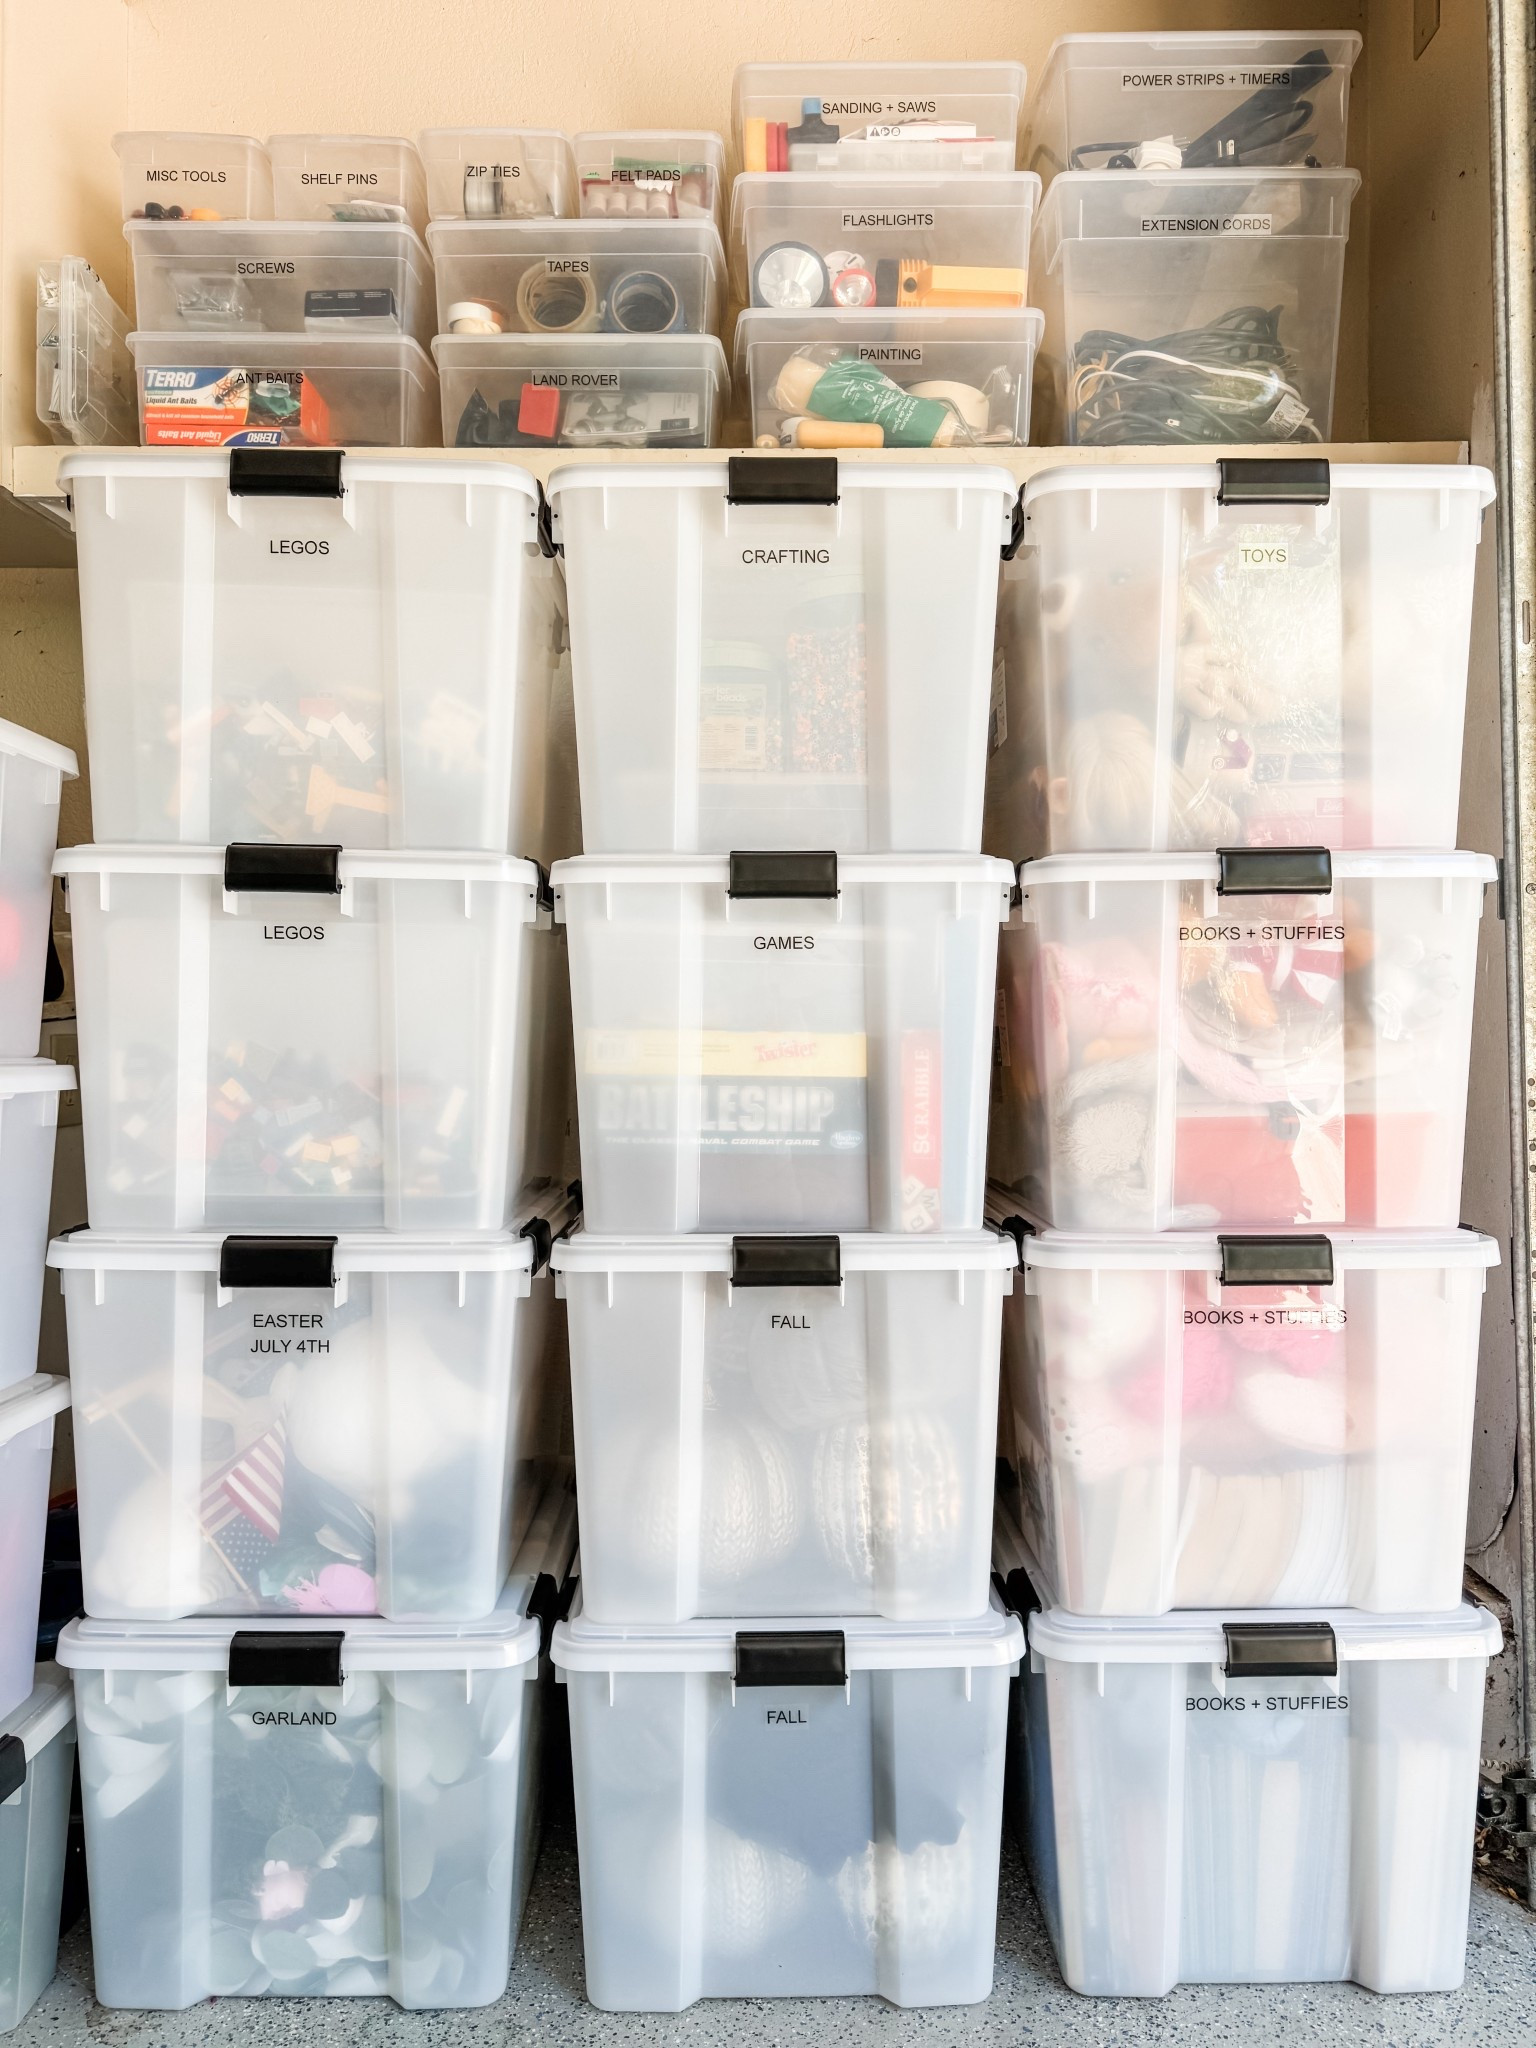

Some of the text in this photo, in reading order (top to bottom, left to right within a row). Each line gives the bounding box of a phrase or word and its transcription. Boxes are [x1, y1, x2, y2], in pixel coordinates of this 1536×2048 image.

[1122, 72, 1290, 87] POWER STRIPS + TIMERS
[822, 101, 937, 115] SANDING + SAWS
[146, 170, 227, 183] MISC TOOLS
[466, 165, 521, 178] ZIP TIES
[610, 169, 681, 182] FELT PADS
[301, 173, 378, 185] SHELF PINS
[843, 213, 934, 227] FLASHLIGHTS
[1141, 218, 1271, 232] EXTENSION CORDS
[237, 262, 295, 275] SCREWS
[547, 260, 590, 273] TAPES
[860, 348, 922, 361] PAINTING
[146, 369, 197, 388] TERRO
[236, 372, 304, 385] ANT BAITS
[532, 374, 618, 387] LAND ROVER
[146, 397, 166, 405] Liquid
[157, 430, 179, 439] Baits
[180, 430, 195, 439] Ant
[196, 430, 222, 441] Liquid
[245, 432, 278, 445] TERRO
[269, 540, 330, 555] LEGOS
[741, 549, 830, 564] CRAFTING
[1240, 548, 1287, 563] TOYS
[263, 925, 325, 941] LEGOS
[1178, 925, 1345, 941] BOOKS + STUFFIES
[753, 935, 815, 950] GAMES
[754, 1040, 818, 1063] Twister
[912, 1048, 930, 1155] SCRABBLE
[631, 1136, 687, 1145] CLASS
[730, 1137, 783, 1146] COMBAT
[784, 1137, 821, 1147] GAME
[252, 1313, 324, 1329] EASTER
[770, 1315, 812, 1329] FALL
[1183, 1310, 1244, 1325] BOOKS
[1249, 1312, 1260, 1323] +
[250, 1338, 331, 1354] JULY 4TH
[1185, 1695, 1349, 1711] BOOKS + STUFFIES
[251, 1710, 338, 1726] GARLAND
[766, 1709, 808, 1725] FALL
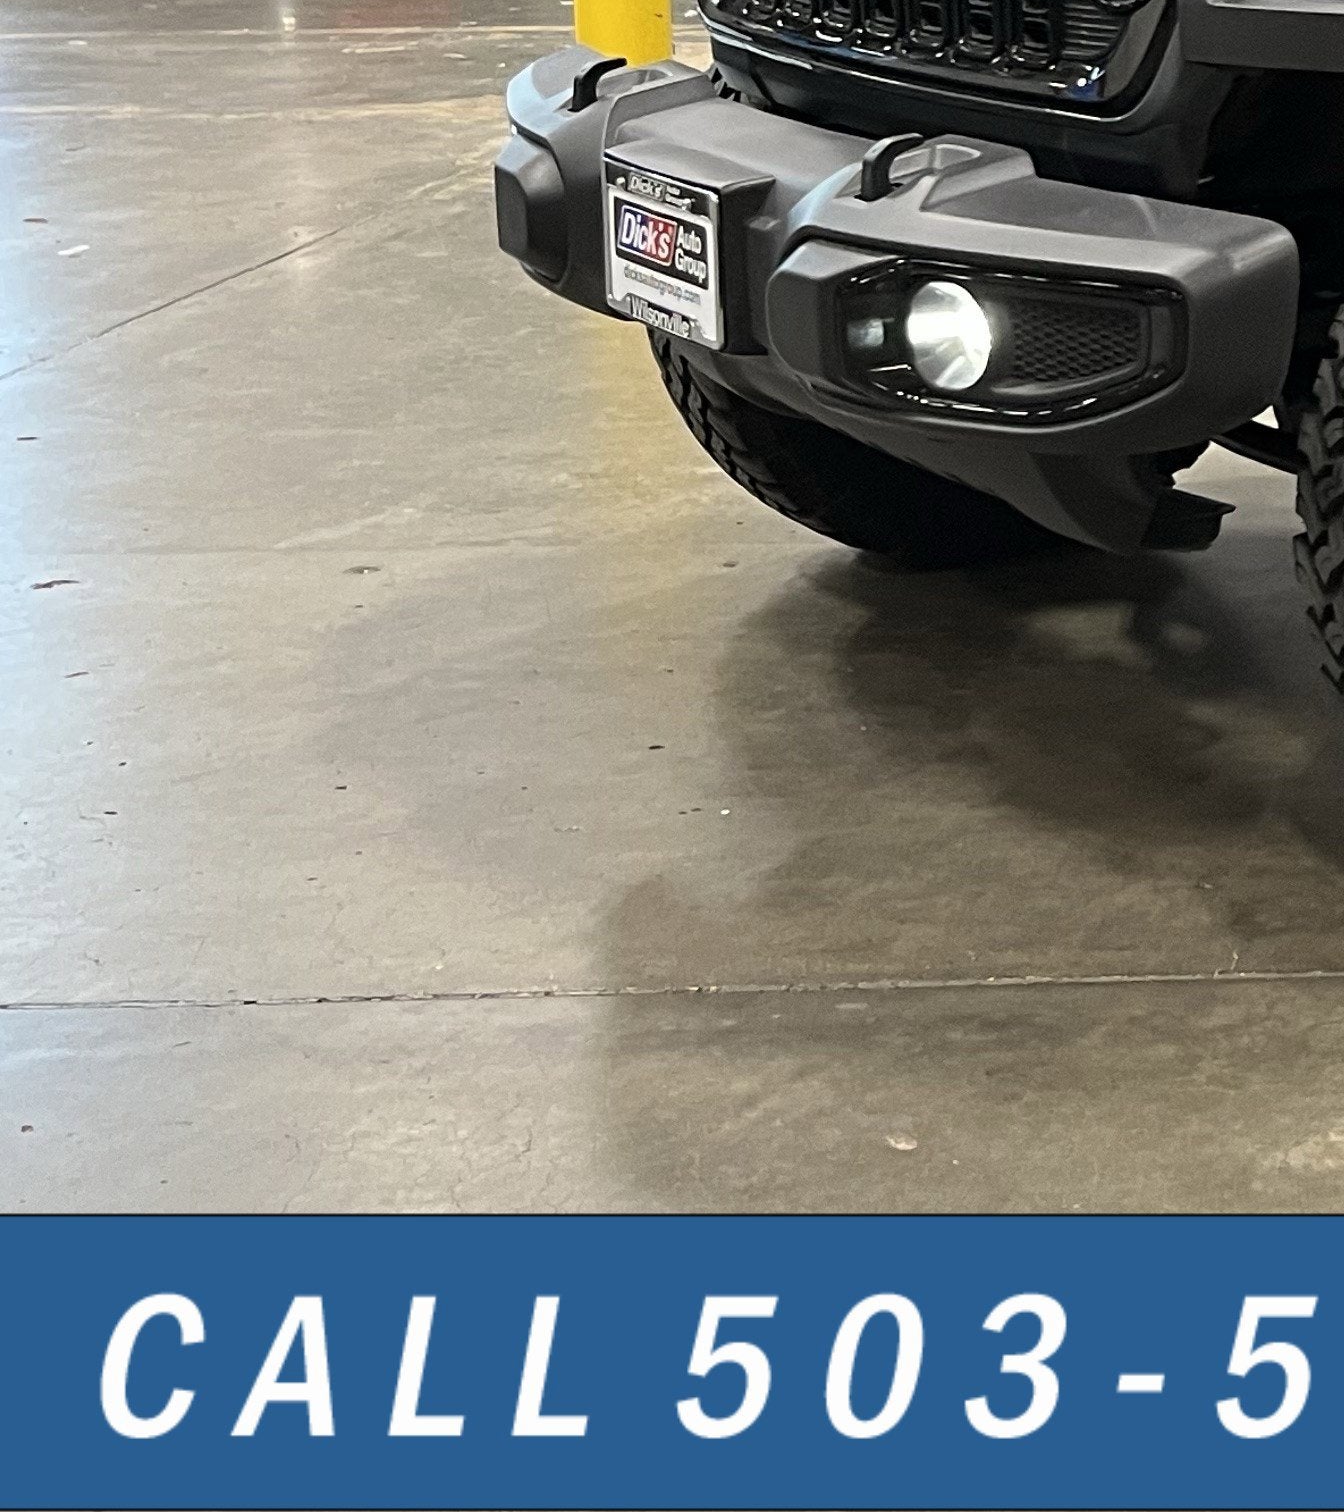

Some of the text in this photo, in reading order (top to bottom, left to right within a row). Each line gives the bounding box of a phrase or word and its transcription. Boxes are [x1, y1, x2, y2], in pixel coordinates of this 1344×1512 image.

[620, 209, 672, 260] Dick's
[675, 225, 703, 255] Auto
[674, 247, 708, 284] Group
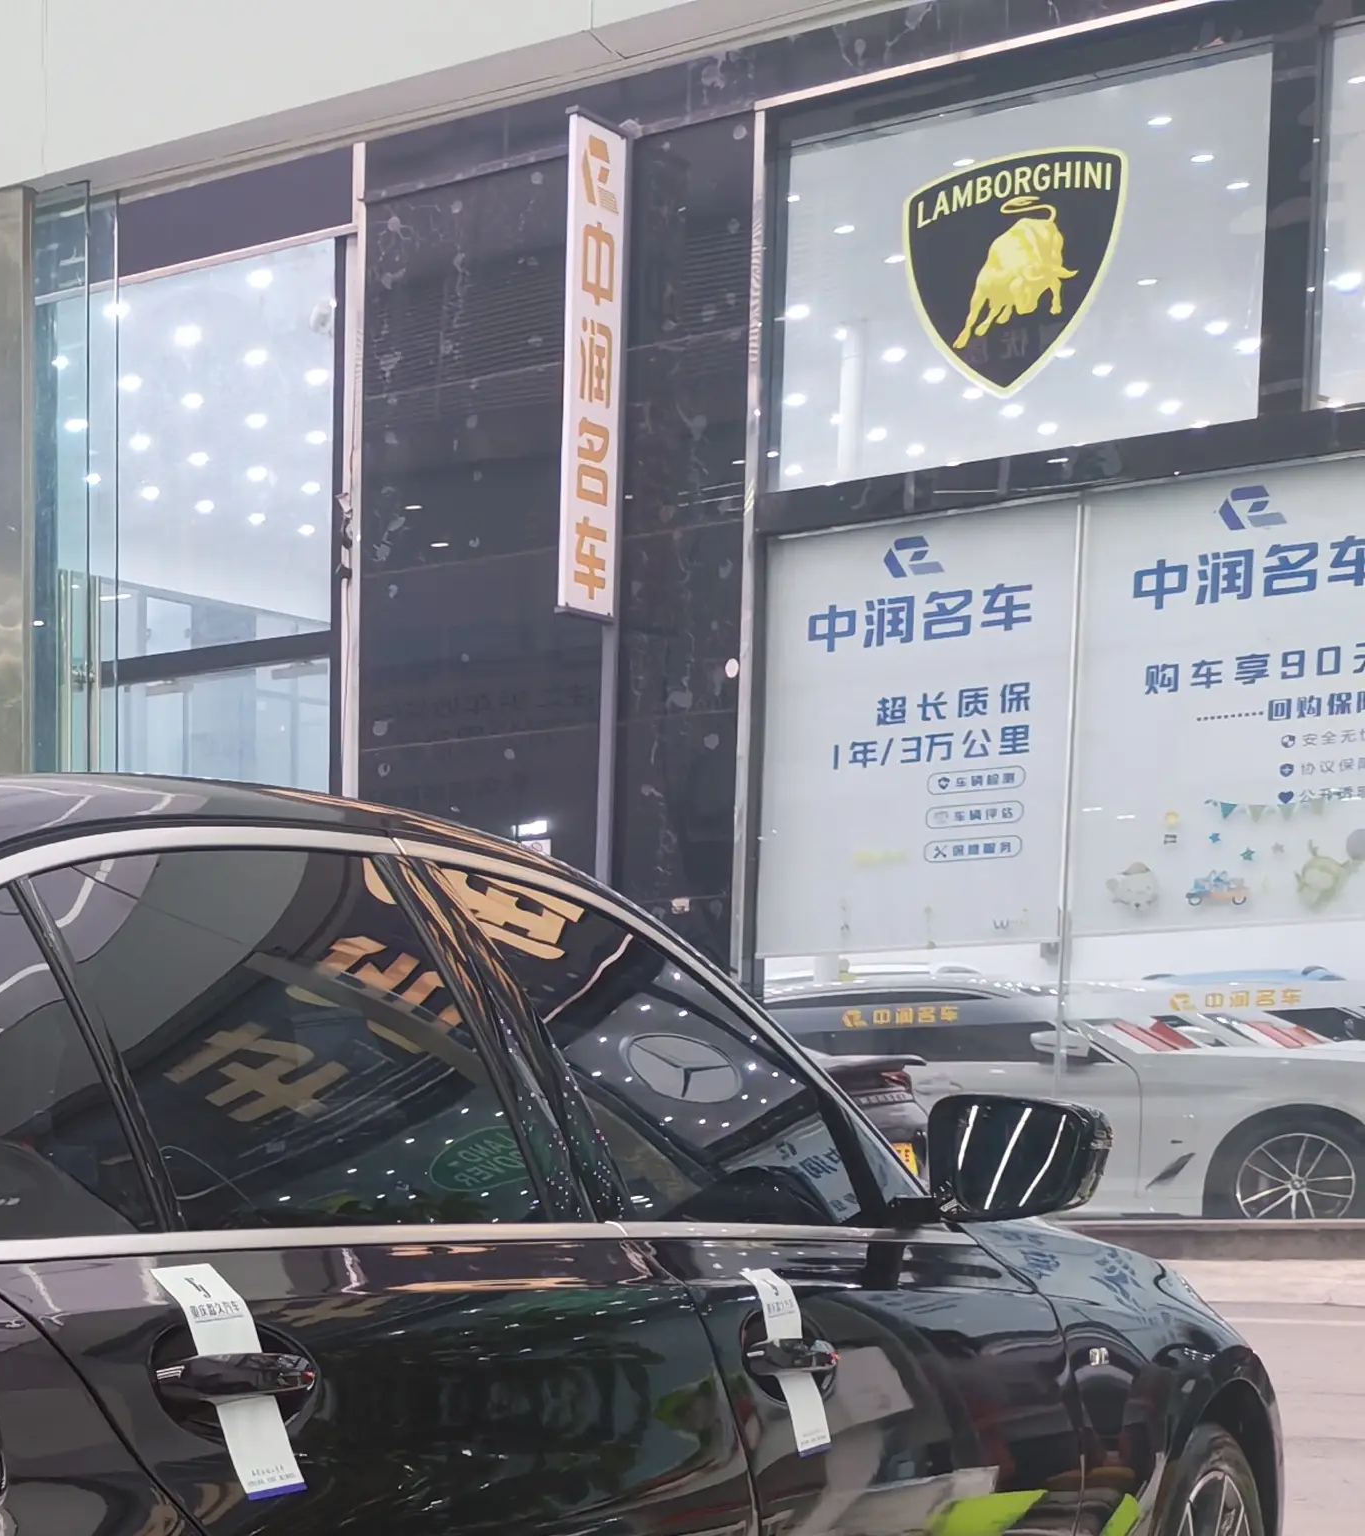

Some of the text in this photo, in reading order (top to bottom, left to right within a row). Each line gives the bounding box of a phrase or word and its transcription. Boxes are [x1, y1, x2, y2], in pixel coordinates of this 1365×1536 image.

[916, 160, 1114, 228] LAMBORGHINI
[574, 221, 615, 600] 中润名车
[808, 583, 1033, 652] 中润名车
[876, 682, 1031, 727] 超长质保
[832, 724, 1030, 769] 1年/3万公里

________

● **Problem**: Your answer must be an exact copy of the records above, with no pictures included.

● **Written answer**:
Some of the text in this photo, in reading order (top to bottom, left to right within a row). Each line gives the bounding box of a phrase or word and its transcription. Boxes are [x1, y1, x2, y2], in pixel coordinates of this 1536×2048 image.

[1122, 72, 1290, 87] POWER STRIPS + TIMERS
[822, 101, 937, 115] SANDING + SAWS
[146, 170, 227, 183] MISC TOOLS
[466, 165, 521, 178] ZIP TIES
[610, 169, 681, 182] FELT PADS
[301, 173, 378, 185] SHELF PINS
[843, 213, 934, 227] FLASHLIGHTS
[1141, 218, 1271, 232] EXTENSION CORDS
[237, 262, 295, 275] SCREWS
[547, 260, 590, 273] TAPES
[860, 348, 922, 361] PAINTING
[146, 369, 197, 388] TERRO
[236, 372, 304, 385] ANT BAITS
[532, 374, 618, 387] LAND ROVER
[146, 397, 166, 405] Liquid
[157, 430, 179, 439] Baits
[180, 430, 195, 439] Ant
[196, 430, 222, 441] Liquid
[245, 432, 278, 445] TERRO
[269, 540, 330, 555] LEGOS
[741, 549, 830, 564] CRAFTING
[1240, 548, 1287, 563] TOYS
[263, 925, 325, 941] LEGOS
[1178, 925, 1345, 941] BOOKS + STUFFIES
[753, 935, 815, 950] GAMES
[754, 1040, 818, 1063] Twister
[912, 1048, 930, 1155] SCRABBLE
[631, 1136, 687, 1145] CLASS
[730, 1137, 783, 1146] COMBAT
[784, 1137, 821, 1147] GAME
[252, 1313, 324, 1329] EASTER
[770, 1315, 812, 1329] FALL
[1183, 1310, 1244, 1325] BOOKS
[1249, 1312, 1260, 1323] +
[250, 1338, 331, 1354] JULY 4TH
[1185, 1695, 1349, 1711] BOOKS + STUFFIES
[251, 1710, 338, 1726] GARLAND
[766, 1709, 808, 1725] FALL

Some of the text in this photo, in reading order (top to bottom, left to right within a row). Each line gives the bounding box of a phrase or word and its transcription. Boxes are [x1, y1, x2, y2], in pixel coordinates of this 1344×1512 image.

[620, 209, 672, 260] Dick's
[675, 225, 703, 255] Auto
[674, 247, 708, 284] Group

Some of the text in this photo, in reading order (top to bottom, left to right within a row). Each line gives the bounding box of a phrase or word and its transcription. Boxes are [x1, y1, x2, y2], in pixel coordinates of this 1365×1536 image.

[916, 160, 1114, 228] LAMBORGHINI
[574, 221, 615, 600] 中润名车
[808, 583, 1033, 652] 中润名车
[876, 682, 1031, 727] 超长质保
[832, 724, 1030, 769] 1年/3万公里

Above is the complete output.